MATERIALS PROVIDED START

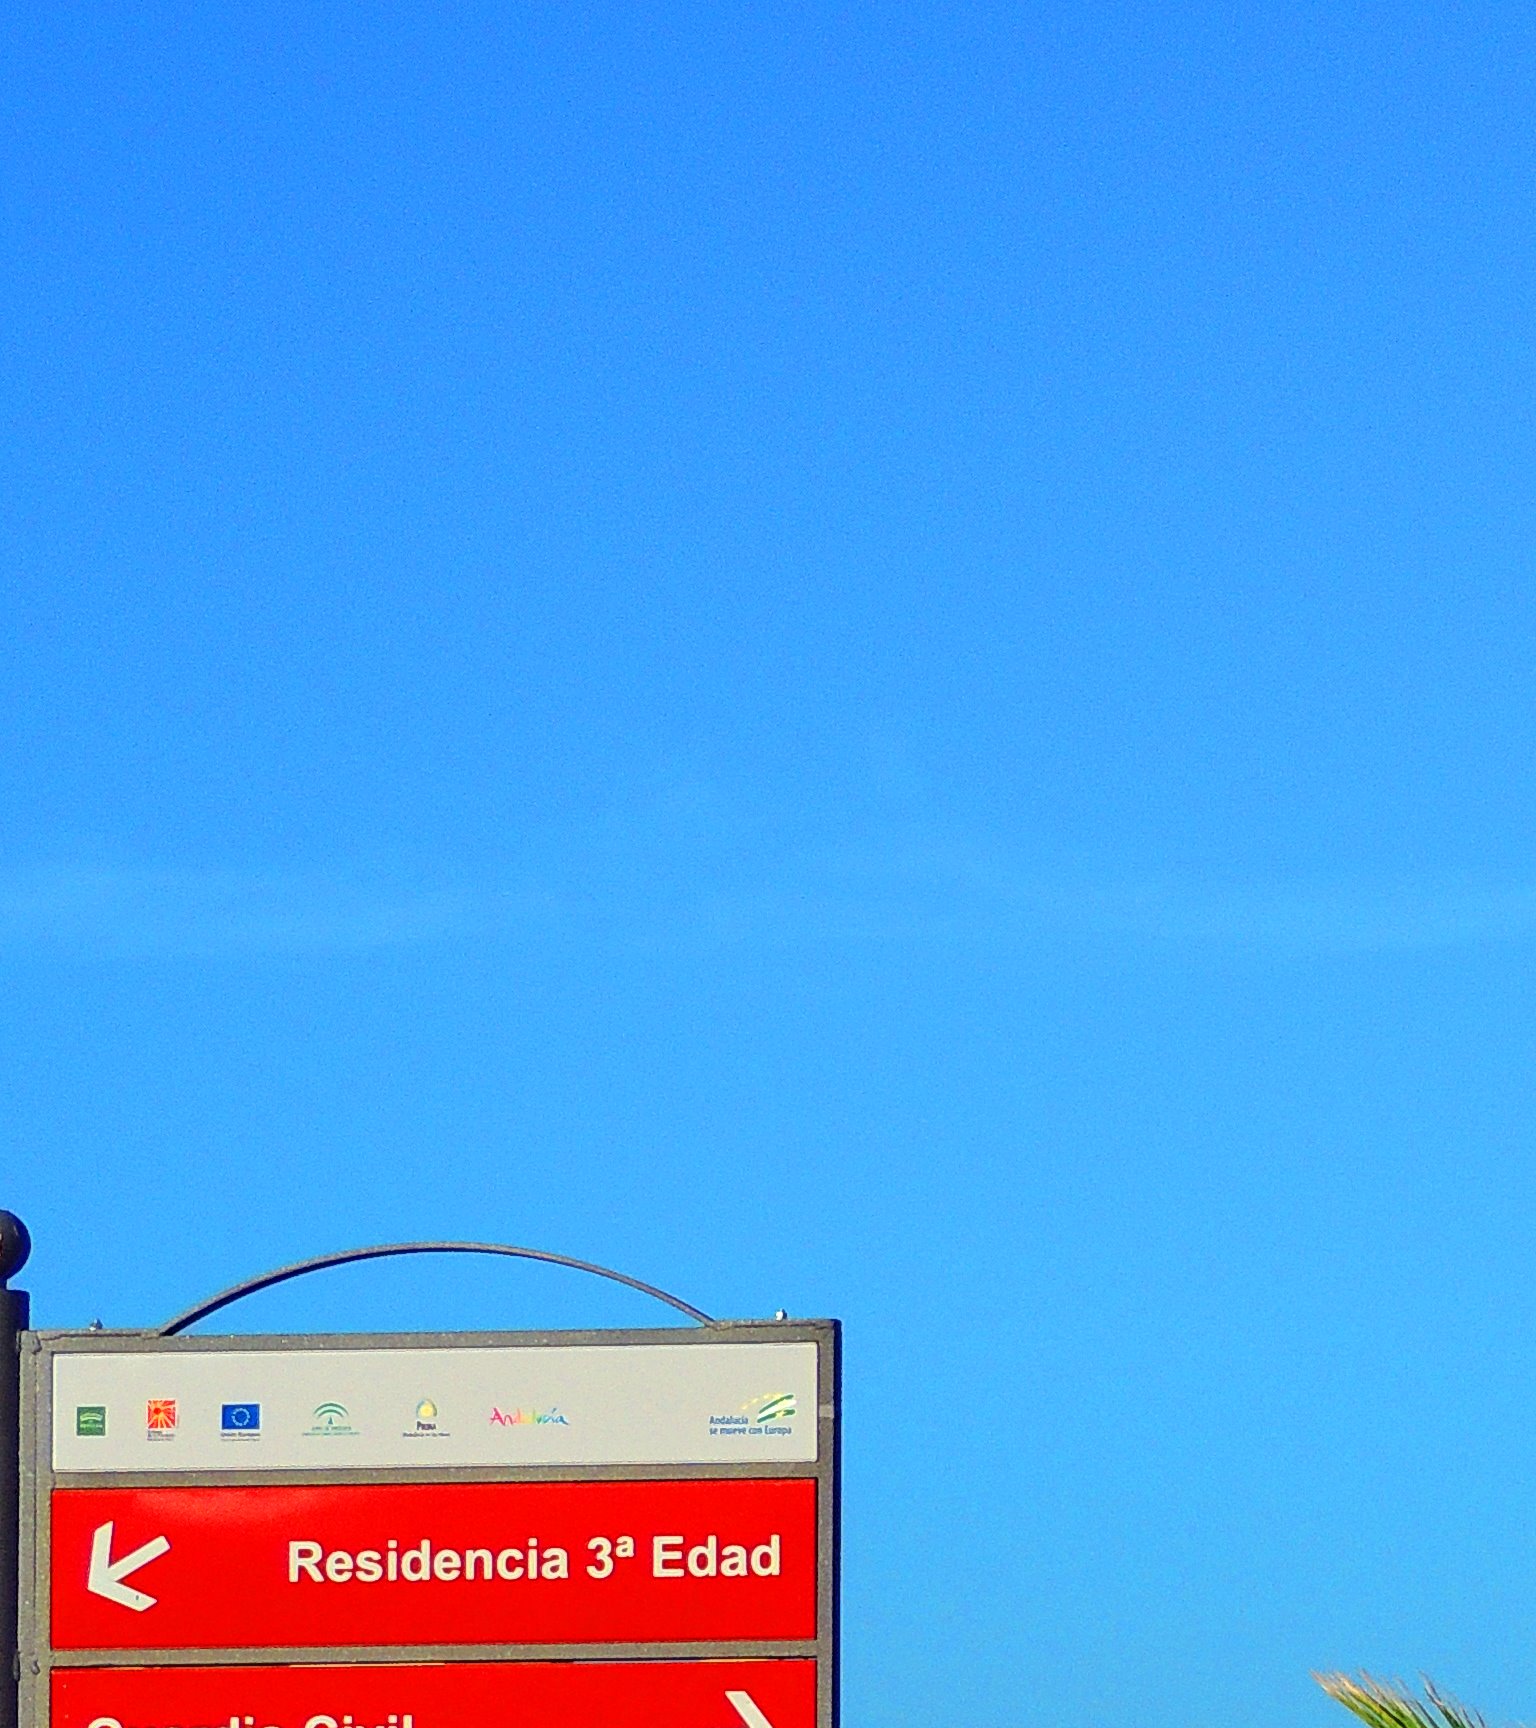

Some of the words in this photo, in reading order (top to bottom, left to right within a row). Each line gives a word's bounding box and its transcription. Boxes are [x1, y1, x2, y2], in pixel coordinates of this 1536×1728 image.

[288, 1537, 569, 1583] Residencia
[586, 1535, 635, 1579] 3ª
[652, 1534, 781, 1578] Edad
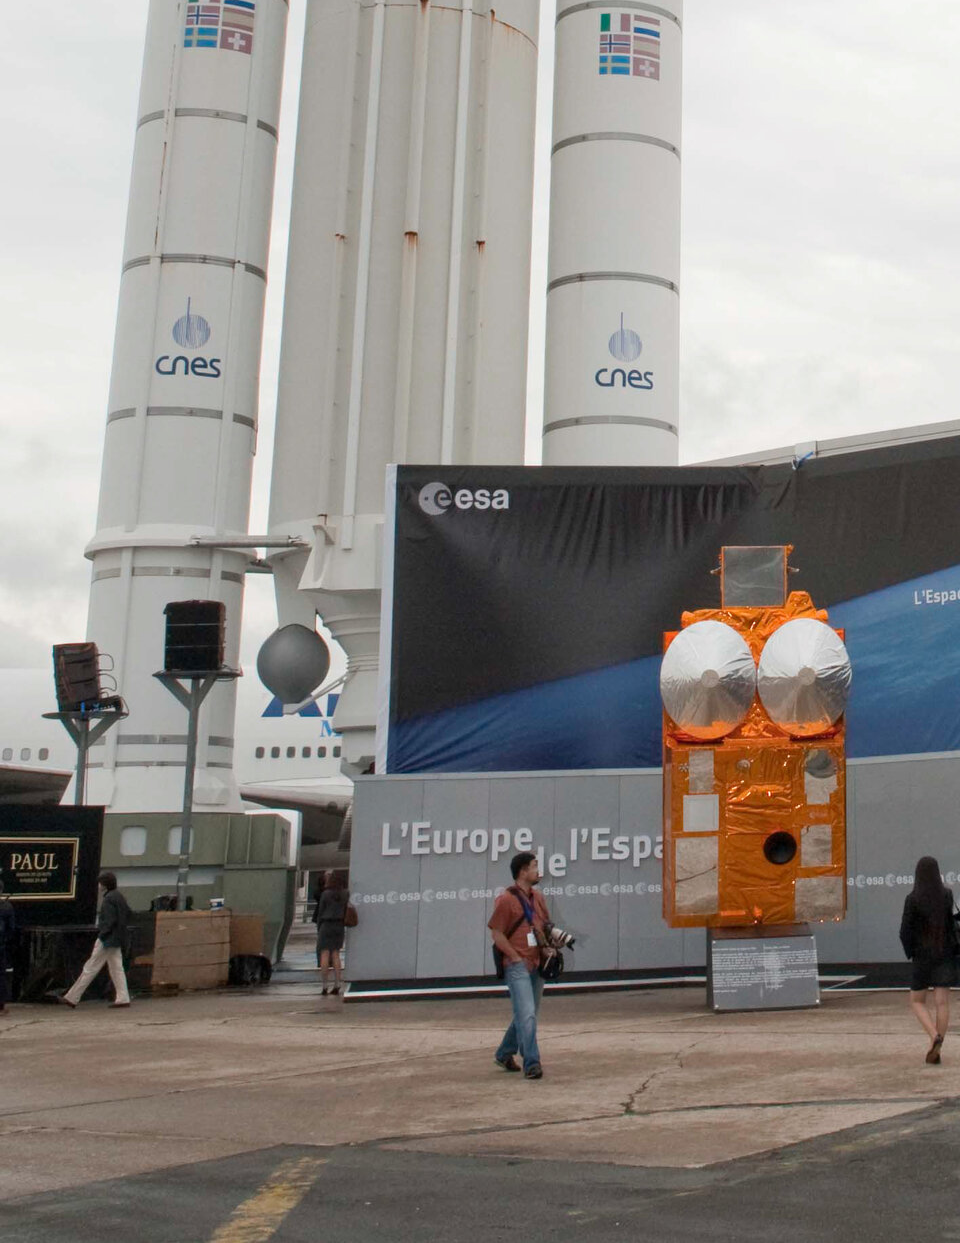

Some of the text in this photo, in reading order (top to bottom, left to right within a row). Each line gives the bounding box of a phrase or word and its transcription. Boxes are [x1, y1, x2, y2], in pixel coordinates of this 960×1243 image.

[155, 355, 221, 378] cnes
[595, 368, 653, 390] cnes
[455, 488, 510, 509] esa
[381, 821, 533, 862] L'Europe
[10, 853, 59, 870] PAUL
[647, 883, 662, 893] es

MATERIALS PROVIDED END

Exact repetition of all entries is required. The pictures should not appear.

Some of the words in this photo, in reading order (top to bottom, left to right within a row). Each line gives a word's bounding box and its transcription. Boxes are [x1, y1, x2, y2], in pixel coordinates of this 1536×1728 image.

[288, 1537, 569, 1583] Residencia
[586, 1535, 635, 1579] 3ª
[652, 1534, 781, 1578] Edad

Some of the text in this photo, in reading order (top to bottom, left to right within a row). Each line gives the bounding box of a phrase or word and its transcription. Boxes are [x1, y1, x2, y2], in pixel coordinates of this 960×1243 image.

[155, 355, 221, 378] cnes
[595, 368, 653, 390] cnes
[455, 488, 510, 509] esa
[381, 821, 533, 862] L'Europe
[10, 853, 59, 870] PAUL
[647, 883, 662, 893] es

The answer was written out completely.